Taking Measurements
The best time to take measurements is also first thing in the morning after a full nights sleep.
Measurement locations are also different for men and women.
Locations for men:
- Abdomen: Horizontal at the level of the navel. This is not the minimal width.
- Neck: Around the neck lower portion with the tape sloping slightly downward to the front.
- Height: Height measured without shoes.
Locations for women:
- Abdomen: Horizontal, at the level of minimal abdominal width.
- Hip: Taken horizontally around the hips at the largest place.
- Neck: Around the neck lower portion with the tape sloping slightly downward to the front.
- Height: Height measured without shoes.
Measure to the nearest 1/4 inch.
If you’ve taken measurements in metric units and need to convert them please use our metric converter.

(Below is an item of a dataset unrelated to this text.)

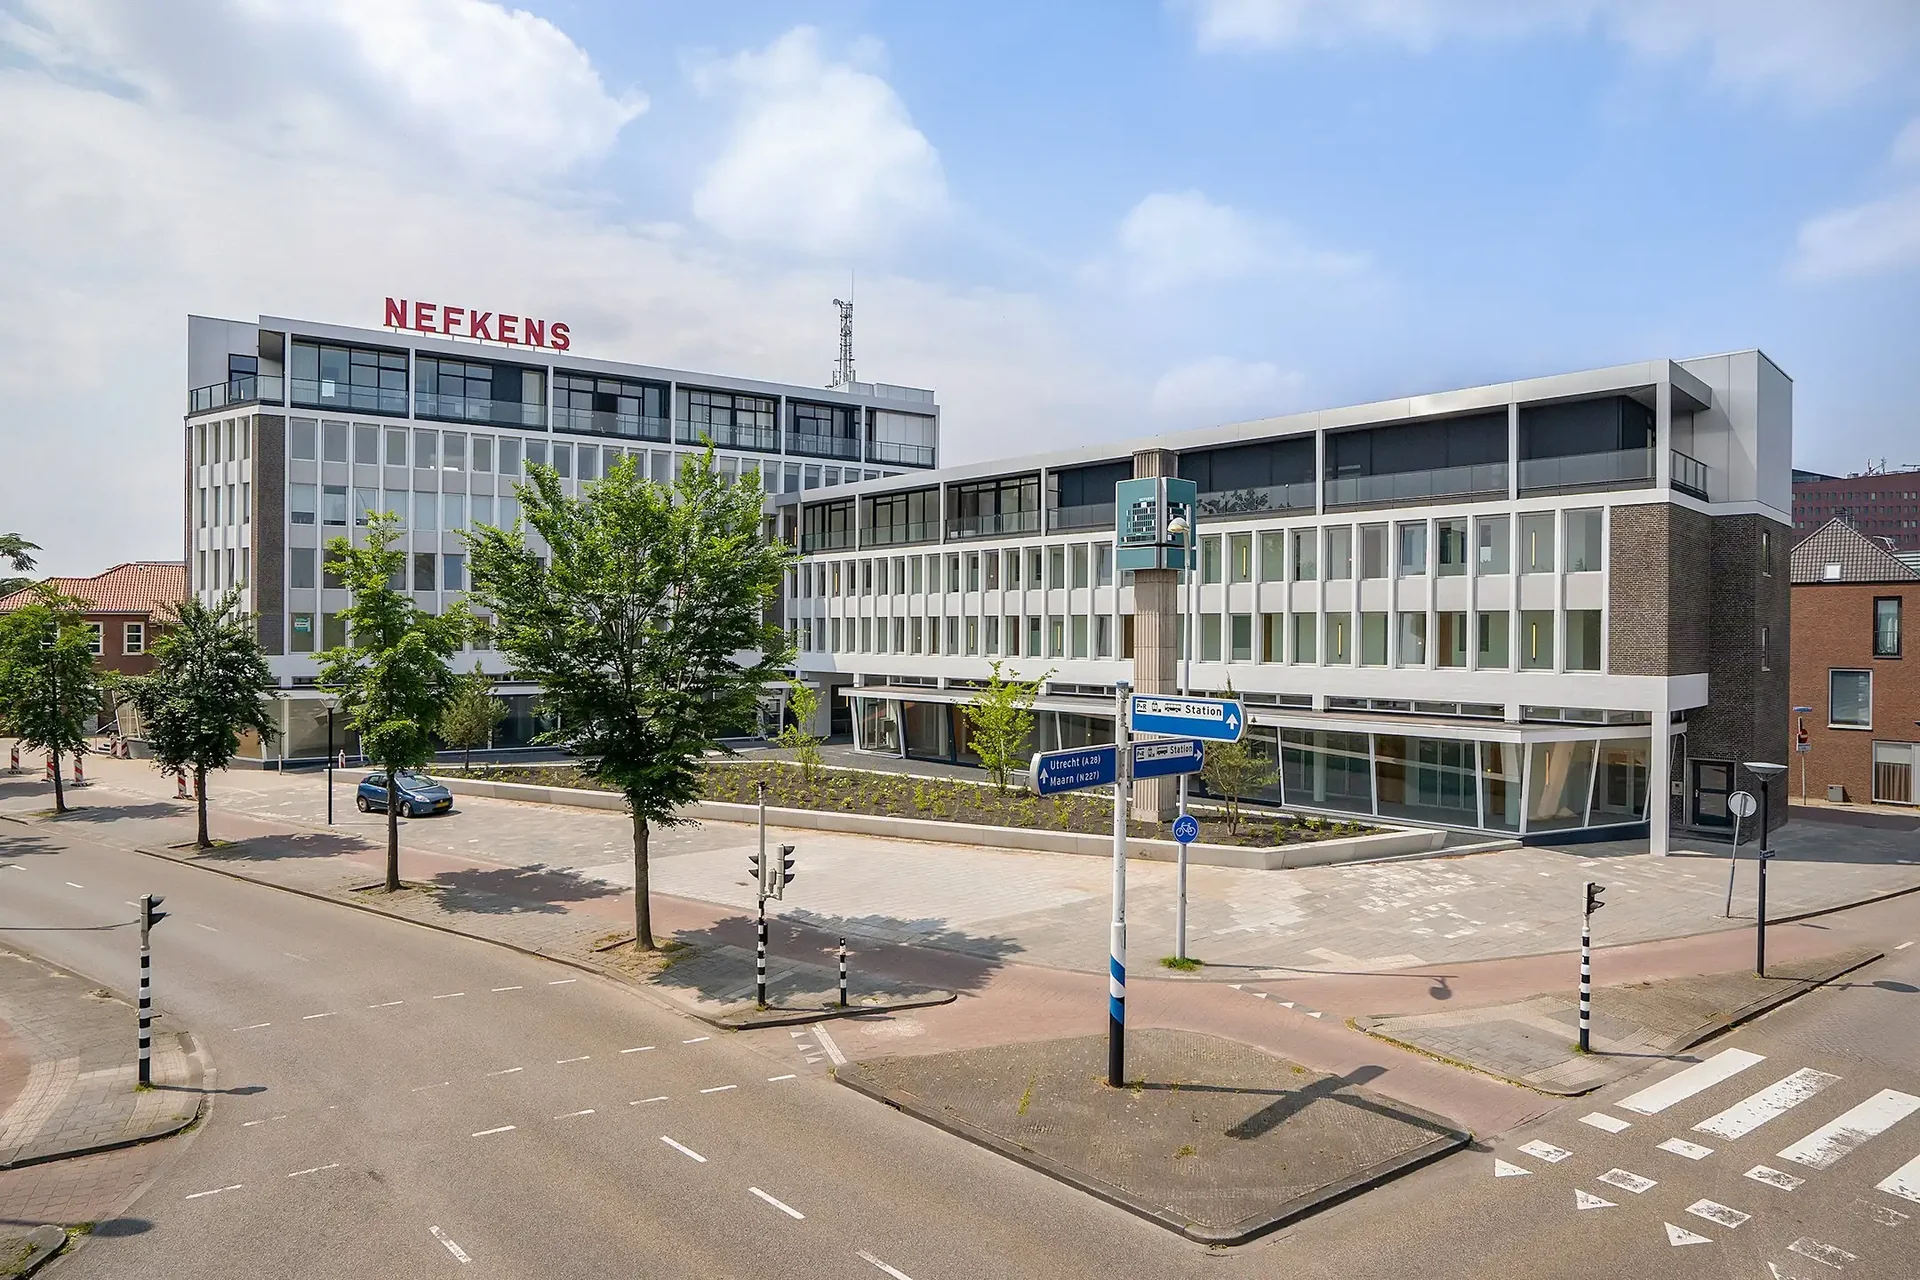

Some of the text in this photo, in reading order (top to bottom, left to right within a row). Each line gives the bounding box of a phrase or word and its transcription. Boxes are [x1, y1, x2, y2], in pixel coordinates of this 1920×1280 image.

About Body Fat Percentage and this Calculator
Body fat percentage is a measure of the percentage of your body mass that is fat as opposed to lean mass. Lean mass is made up of bones, muscles and other things in your body whereas body fat is just the fat. It is important to realize that all fat isn’t bad, however, and you’d never want to get to 0% body fat since that would most likely kill you. There is a healthy range of body fat percentages that you want to shoot for, however.
The essential body fat percentage, which is the amount of fat needed by the body to sustain life, is 2-5% in men and 10-13% in women. Women need more fat because of the need for childbearing and other hormonal functions. Fat above this range is considered storage fat and even some of this is healthy. The healthy body fat percentage range for men is 8-14% while for women it is 20-21%.
Once you’ve calculated your body fat percentage you can then easily use this number to determine your lean mass and thus fat mass in your body. For example say you weigh 180 and have a body fat percentage of 27%. To determine fat mass you multiply 180 by 27% (or 0.27) and get 48.6. This means you have 48.6 pounds of fat and 131.4 pounds of lean mass. By keeping track of this percentage you can help determine whether the weight you are losing while dieting is fat or other lean mass. You only want to lose fat because lean mass is all good stuff like muscles and bones which only help you look and feel better.
There are many methods to estimate body fat and none of them can get an exactly accurate measurement. However, some methods are more accurate than others. This calculator uses the U.S. Navy height and circumference measurement formula to estimate body fat. If you’d like a more accurate estimate you may want to invest in a pair of body fat calipers or have a measurement professionally done.